Home Secretary turns back on US hacker
PUBLISHED: 13:17 15 October 2008 | UPDATED: 15:30 07 September 2010
COMPUTER hacker Gary McKinnon has been told he will get no help from the Home Secretary to prevent his extradition to the United States. The former Highgate Wood School pupil, 42, has been accused of causing $700,000 worth of damage by hacking into US com
COMPUTER hacker Gary McKinnon has been told he will get no help from the Home Secretary to prevent his extradition to the United States.
The former Highgate Wood School pupil, 42, has been accused of causing $700,000 worth of damage by hacking into US computer systems
Last month his mother Janis Sharp handed a letter to Home Secretary Jacqui Smith asking for help, especially as he has been diagnosed with Asperger's syndrome which could put his life in danger in a high-security American jail like Guantanamo Bay.
But on Monday the family's legal team was informed the Home Office would be making arrangements for his extradition.
Mr McKinnon's solicitor Karen Todner said: "The Secretary of State has advised via the Treasury Solicitors, that despite Mr McKinnon's diagnosis with Asperger's she will now be making arrangements for his extradition.
"She has failed to make any request for repatriation to the UK when other countries make similar requests on behalf of their citizens.

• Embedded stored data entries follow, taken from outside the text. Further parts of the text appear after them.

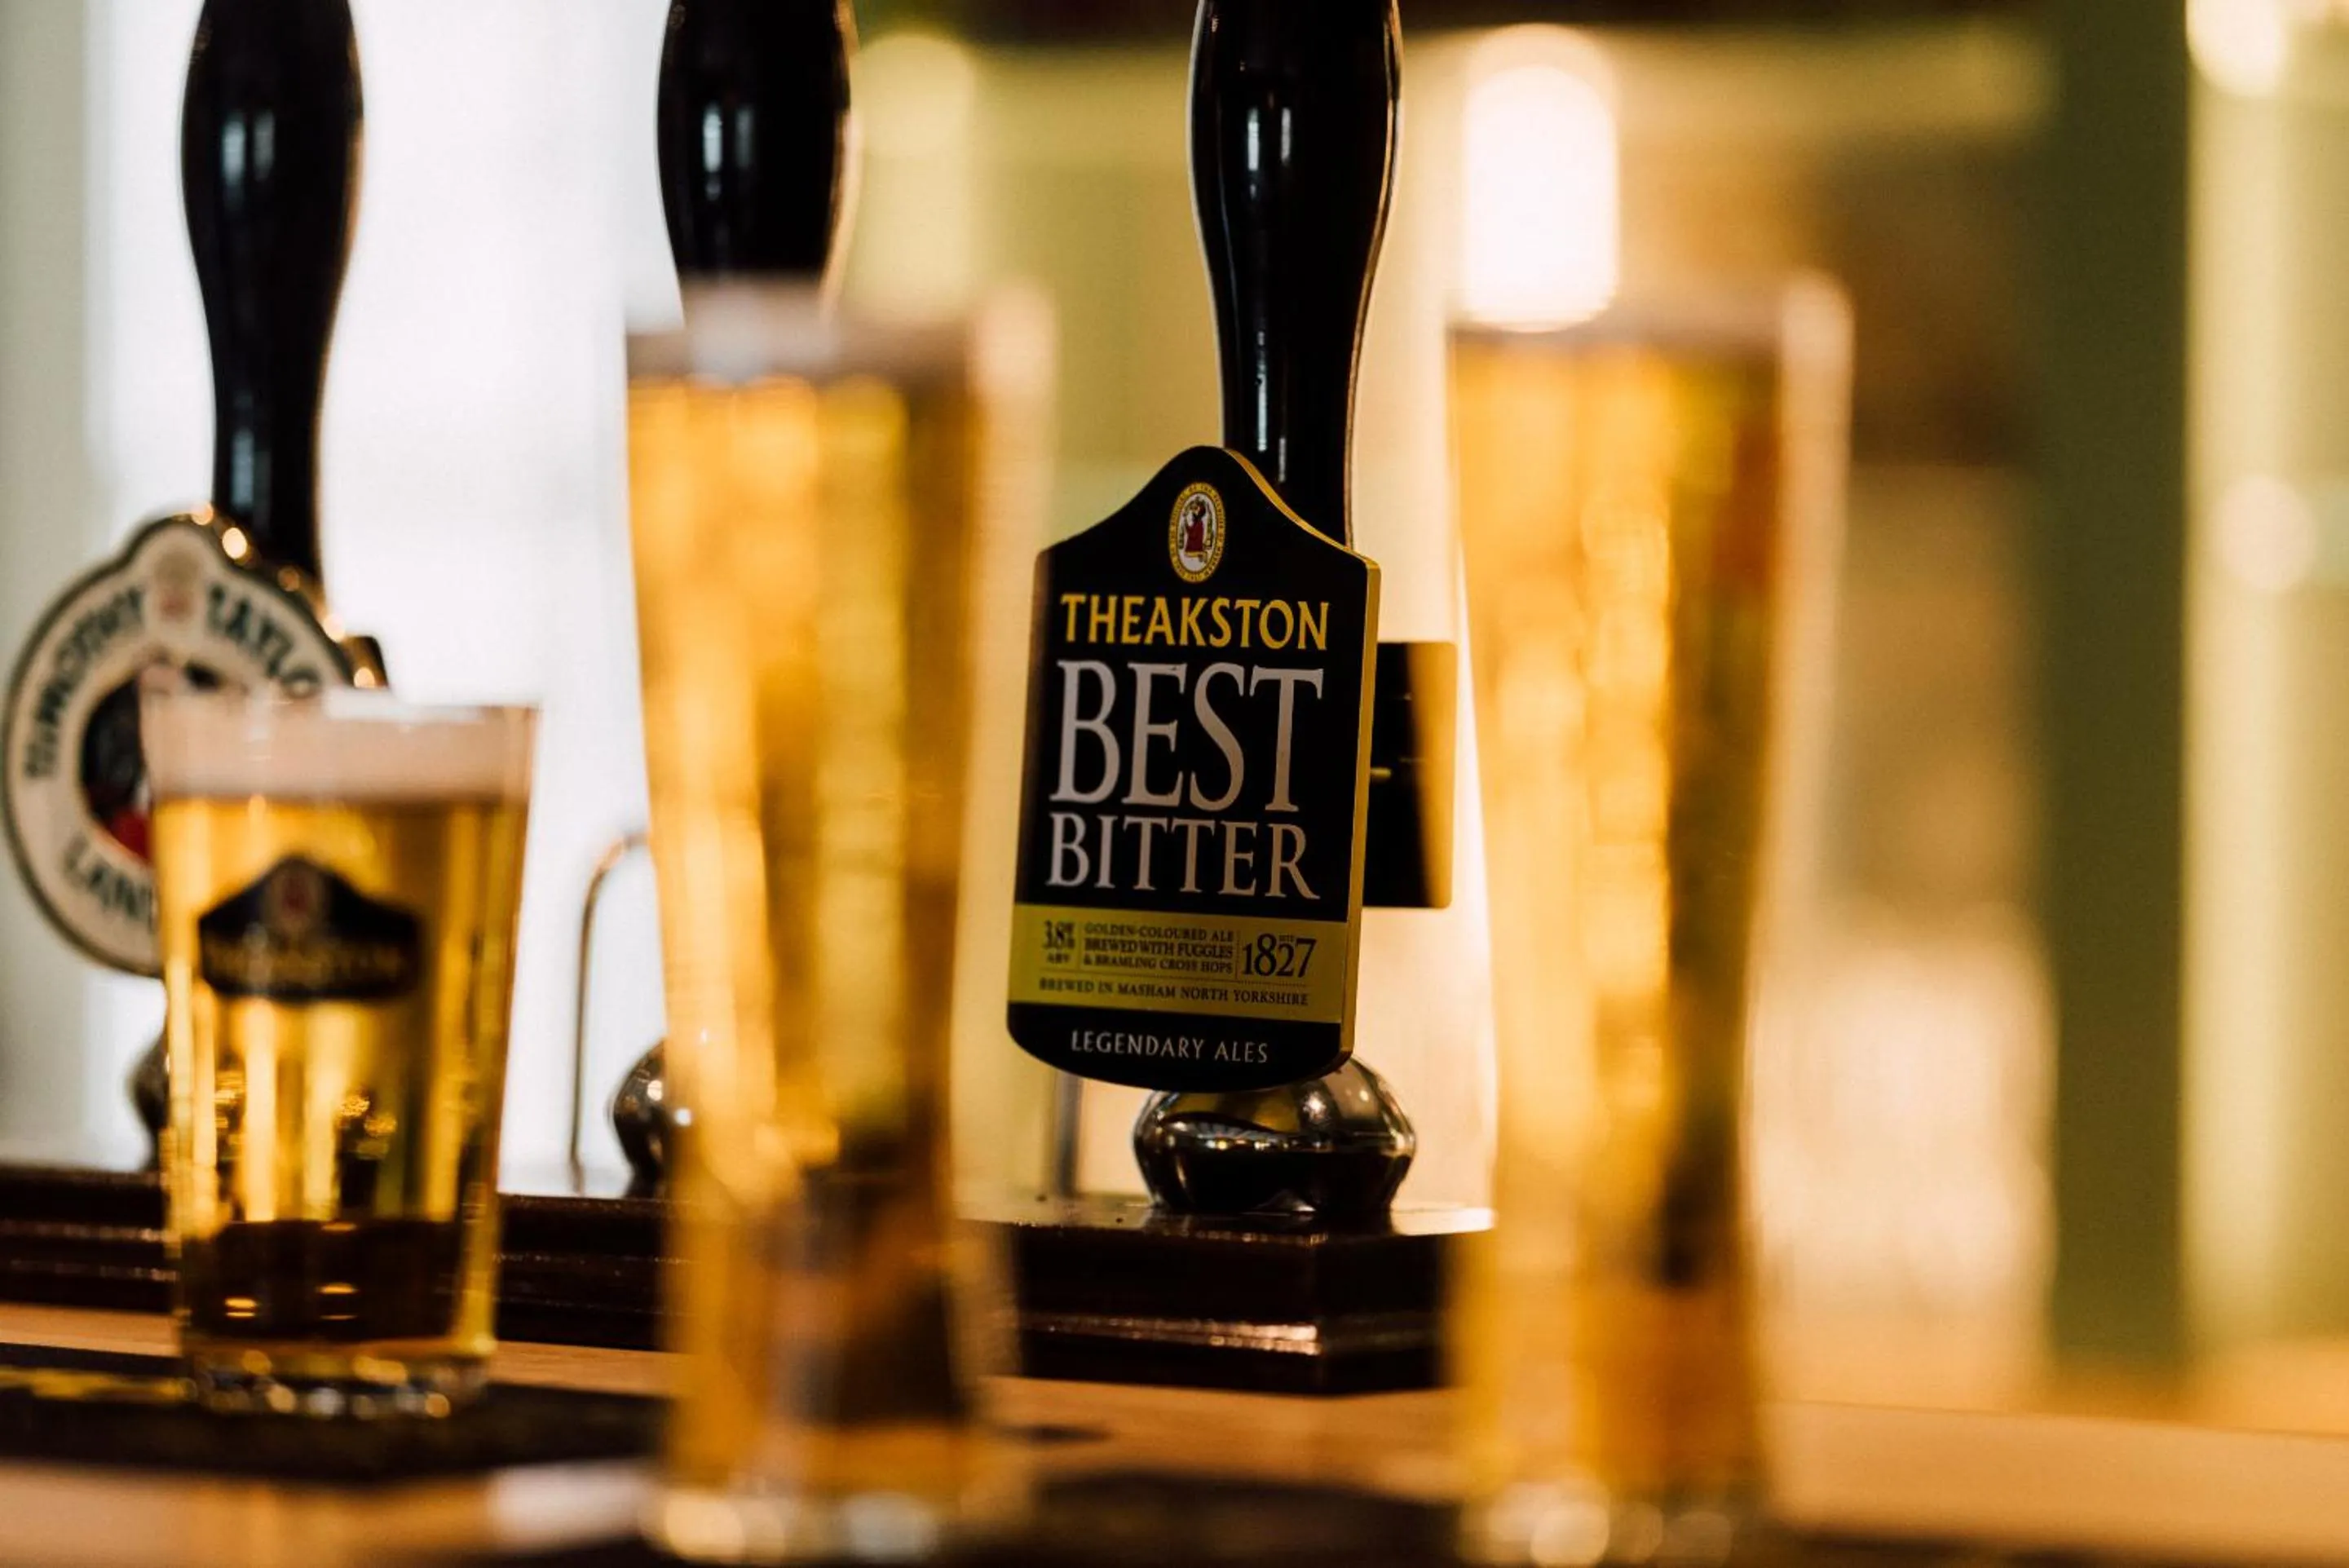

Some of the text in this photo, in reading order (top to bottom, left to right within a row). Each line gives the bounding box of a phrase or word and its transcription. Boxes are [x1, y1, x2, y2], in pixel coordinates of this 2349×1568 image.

[205, 582, 323, 695] TAYLO
[1061, 593, 1329, 651] THEAKSTON
[1049, 660, 1323, 812] BEST
[1044, 812, 1321, 899] BITTER
[1084, 922, 1234, 942] GOLDEN-COLOURED ALE
[1084, 937, 1234, 959] BREWED WITH FUGGLES
[1095, 954, 1156, 970] BRAMLING
[1159, 958, 1198, 972] CROSS
[1201, 960, 1233, 974] HOPS
[1242, 934, 1318, 978] 1827
[1040, 977, 1309, 1006] BREWED IN MASHAM NORTH YORKSHIRE
[1071, 1029, 1269, 1063] LEGENDARY ALES

"We are now considering whether or not Mr McKinnon has a further judicial remedy and we are urgently investigating this issue."

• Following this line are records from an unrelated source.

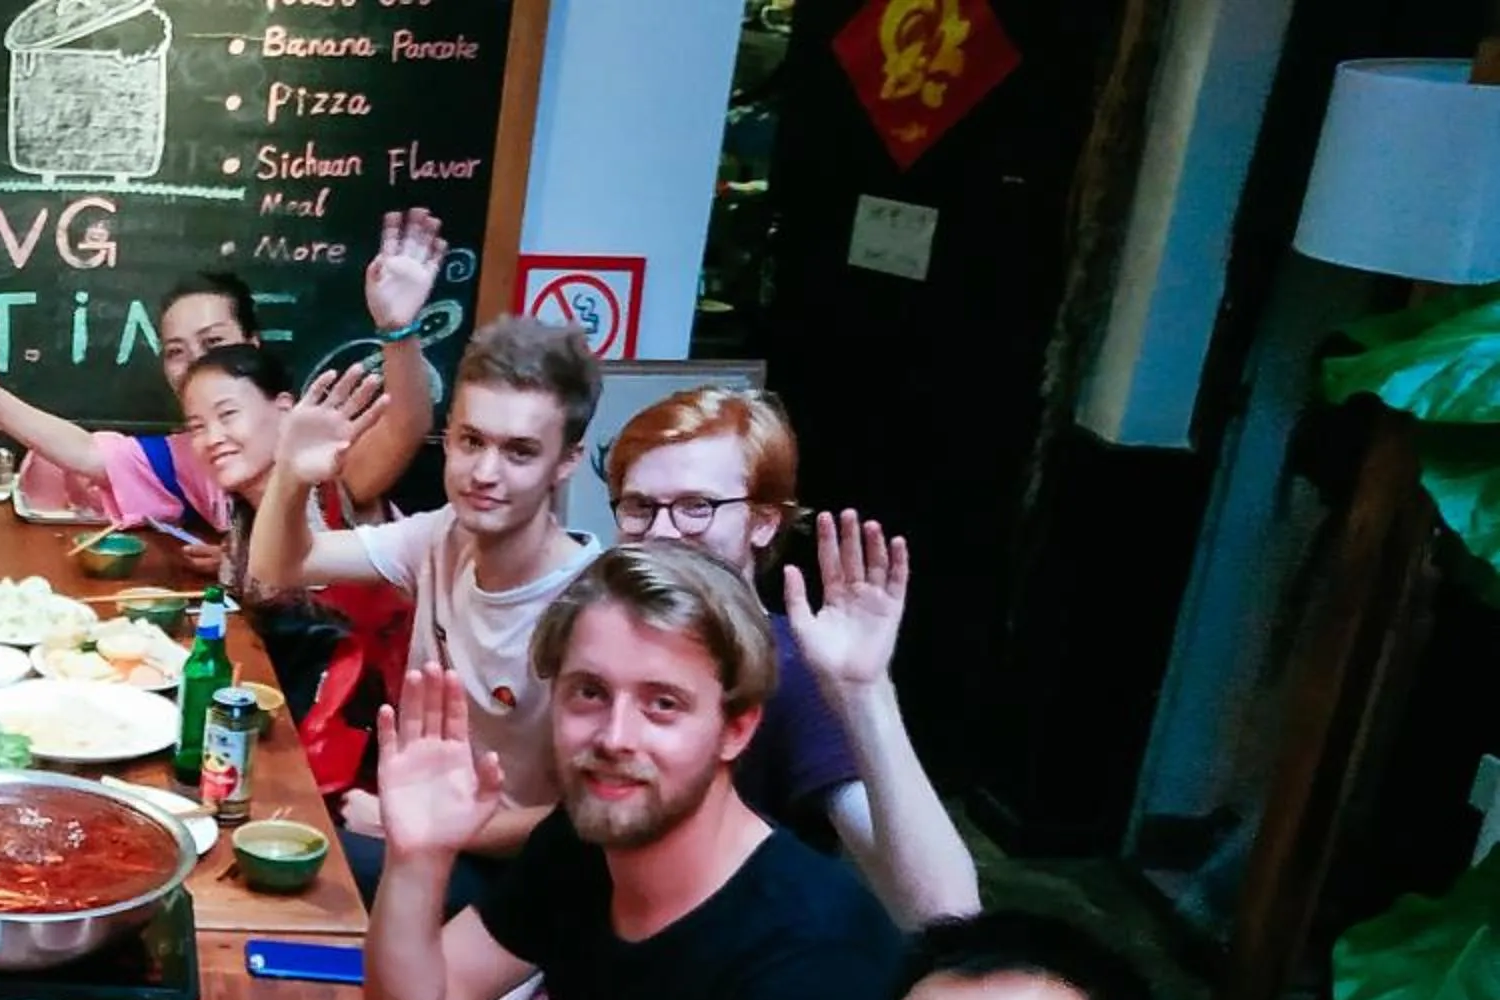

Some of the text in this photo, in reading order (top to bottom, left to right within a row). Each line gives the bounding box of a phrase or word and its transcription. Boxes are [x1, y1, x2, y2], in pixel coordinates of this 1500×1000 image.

[263, 26, 479, 63] Banana Pancake
[267, 81, 372, 124] Pizza
[256, 140, 482, 186] Sichuan Flavor
[259, 187, 331, 217] Meal
[253, 235, 348, 264] More

On Tuesday Ms Todner was given 72 hours to lodge her application for a judicial review.
In August Mr McKinnon, who was diagnosed with Asperger's syndrome just days before his trial, lost his appeal and has since been awaiting his extradition date ever since.
Since the trial, hundreds of supporters have joined rallies including one organised by the London Autistic Rights Movement, calling for Jacqui Smith to intervene and stop the extradition to America where Mr McKinnon would be treated as a terror suspect.
The hacking is alleged to have taken place in Mr McKinnon's Crouch End home in 2002. He admitted looking at some of America's most sensitive information, but said he was conducting research into UFOs.